USD/CAD Bears Defeat Bulls at 1.26 as Oil Remains Firmly Bid

Drake Hampton

Apr 19, 2022 09:53

USD/CAD is a little heavy at the Tokyo open, turning red on the day and testing 1.26 at the time of writing, down from a rollover high of 1.2634 in early Asia.

 

In general, it's been a story about the US dollar at the start of the week, which is now regaining some ground. In the case of the CAD, oil prices have stabilized as well, bolstering the loonie as investors anticipate Wednesday's inflation report.

 

Investors will be watching the March Consumer Price Index for guidance on whether the Bank of Canada will continue to tighten policy following last week's half-point move to 1%. This was the central bank's largest single increase in more over two decades, and it was implemented in an attempt to rein in inflation.

 

"We expect March CPI to rise to 6.1 percent year on year, with prices rising 0.9 percent month on month," TD Securities analysts noted. "Energy will be the primary driver, with an increase of 11% in gasoline and another large contribution from food. Automobiles, clothing, and shelter should contribute to the ex. food/energy aggregate's strength, while the Bank of Canada's core inflation measures should average 3.6 percent y/y," according to TDS analysts.

US Oil Prices Increase

Meanwhile, West Texas Intermediate (WTI) crude oil finished higher on Monday as concerns about Chinese demand amid Covid-19 lockdowns were countered by supply problems in Libya. Futures finished +1.2 percent higher at $108.21 a barrel as a result of the Libyan outages, which have heightened concerns about global supply constraints.

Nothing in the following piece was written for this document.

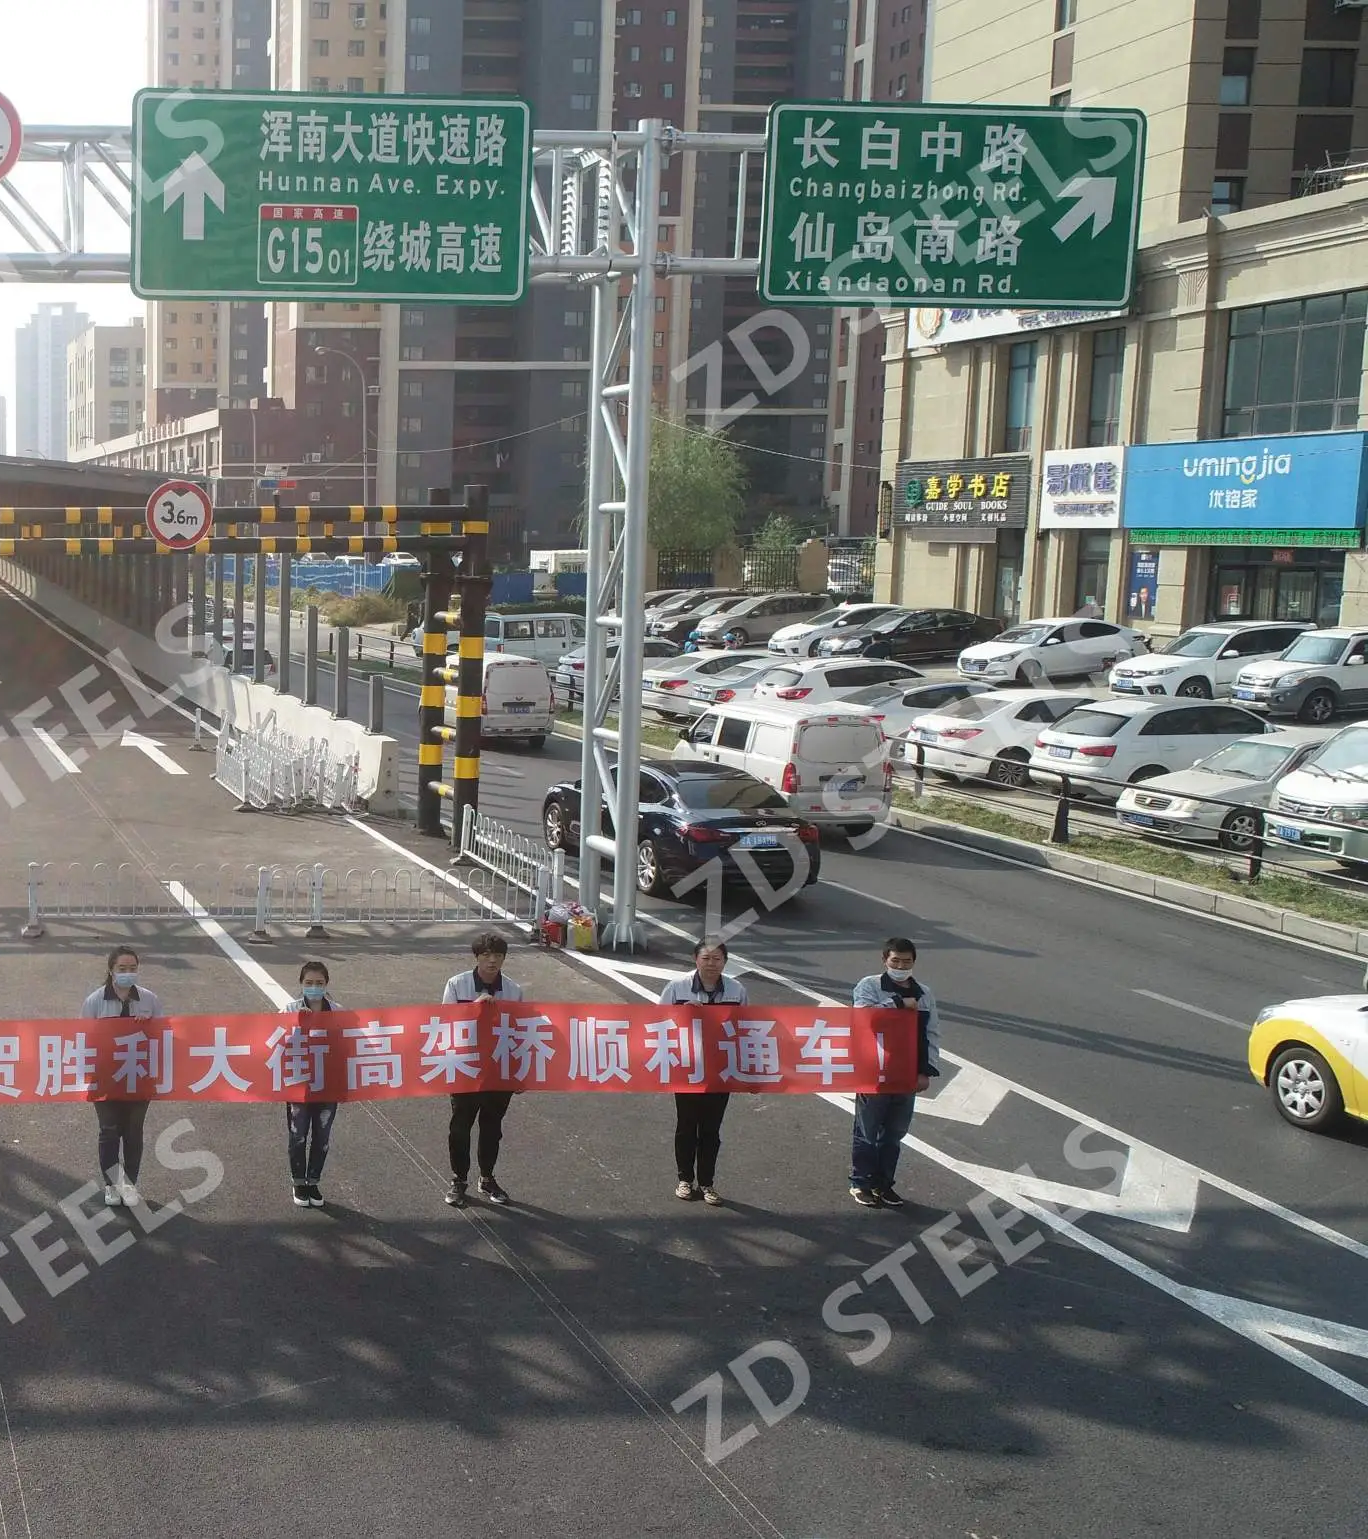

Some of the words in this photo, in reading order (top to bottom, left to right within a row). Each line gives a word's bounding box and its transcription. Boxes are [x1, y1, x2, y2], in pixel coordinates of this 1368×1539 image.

The country's National Oil Corporation announced force majeure at an export port following the shutdown of the country's main oil field due to demonstrations over cancelled elections.

 

In thin trade, the dollar strengthened to a new two-year high, tracking higher US Treasury yields. Investors are reinvesting in the dollar and bracing for several Federal Reserve rate hikes of half a percentage point.

 

The US rate futures market has priced in a 96 percent probability of a 50 basis point tightening at the Federal Reserve's May meeting and approximately 215 basis points in cumulative rate rises in 2022, allowing for enough speculative positioning into the greenback. Meanwhile, the benchmark 10-year US Treasury yield reached a three-year high of 2.884 percent.